## EXERCISE DATA
◆ ◆ ◆ ◆ ◆

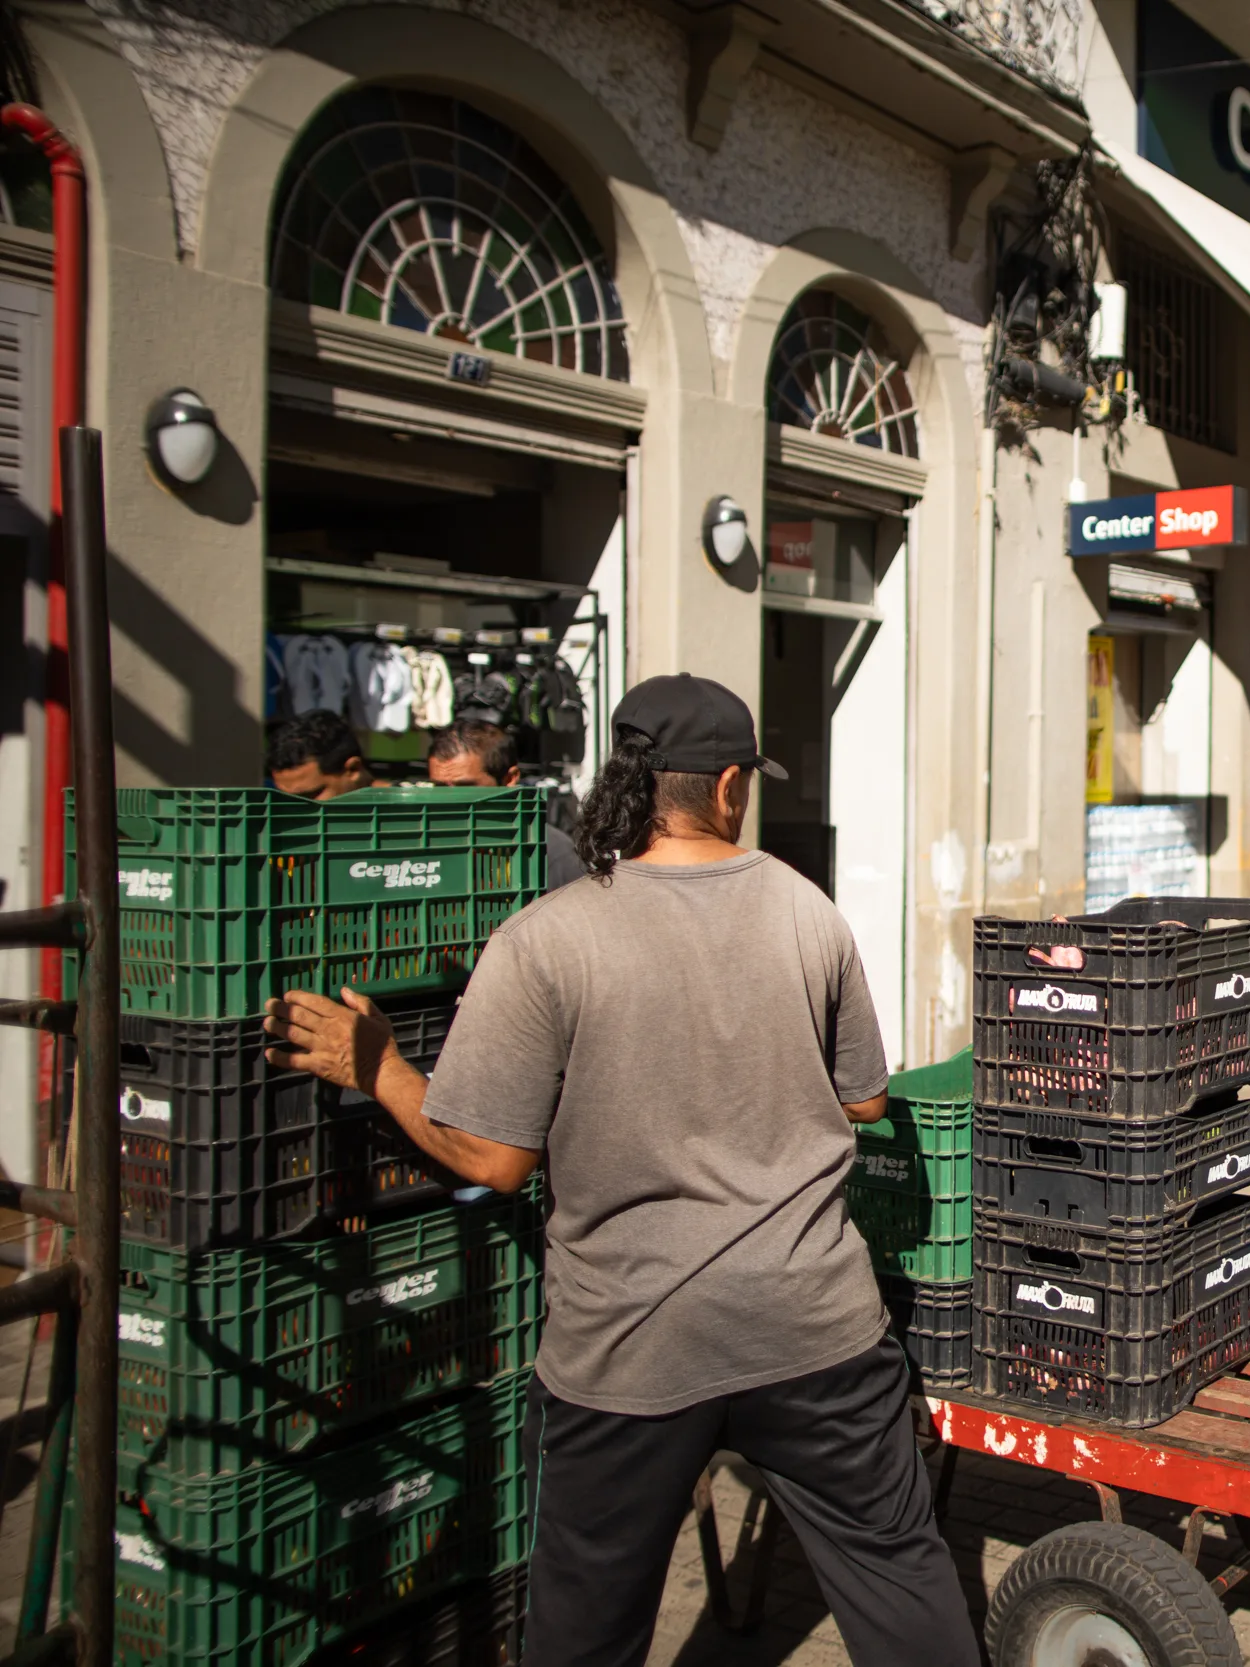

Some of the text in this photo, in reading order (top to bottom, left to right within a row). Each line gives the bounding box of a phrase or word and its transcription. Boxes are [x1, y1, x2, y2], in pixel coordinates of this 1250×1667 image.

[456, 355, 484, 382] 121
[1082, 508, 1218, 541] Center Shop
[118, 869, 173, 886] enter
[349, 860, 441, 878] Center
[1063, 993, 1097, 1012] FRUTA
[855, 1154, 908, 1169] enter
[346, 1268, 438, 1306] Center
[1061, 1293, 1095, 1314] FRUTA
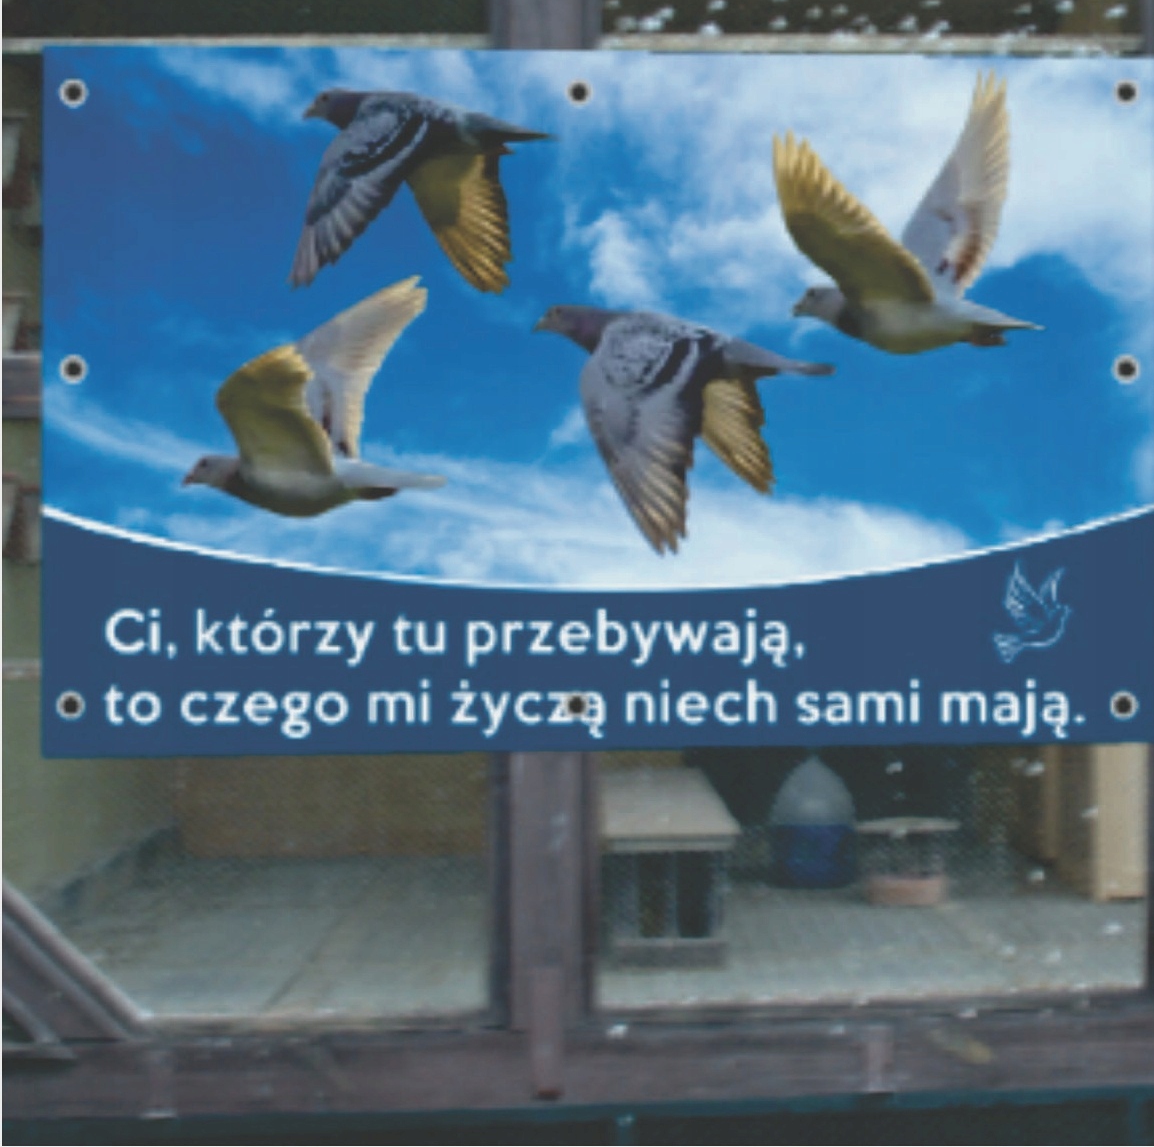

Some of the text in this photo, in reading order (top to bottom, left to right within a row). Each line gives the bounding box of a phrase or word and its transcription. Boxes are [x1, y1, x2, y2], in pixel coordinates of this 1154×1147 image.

◆ ◆ ◆ ◆ ◆

Each entry is to be returned precisely as it appears, but the pictures are to be dropped.

Some of the text in this photo, in reading order (top to bottom, left to right within a row). Each line gives the bounding box of a phrase or word and its transcription. Boxes are [x1, y1, x2, y2], in pixel coordinates of this 1250×1667 image.

[456, 355, 484, 382] 121
[1082, 508, 1218, 541] Center Shop
[118, 869, 173, 886] enter
[349, 860, 441, 878] Center
[1063, 993, 1097, 1012] FRUTA
[855, 1154, 908, 1169] enter
[346, 1268, 438, 1306] Center
[1061, 1293, 1095, 1314] FRUTA

Some of the text in this photo, in reading order (top to bottom, left to right within a row). Each line gives the bounding box of a phrase or word and its transcription. Boxes are [x1, y1, x2, y2], in pixel coordinates of this 1154×1147 image.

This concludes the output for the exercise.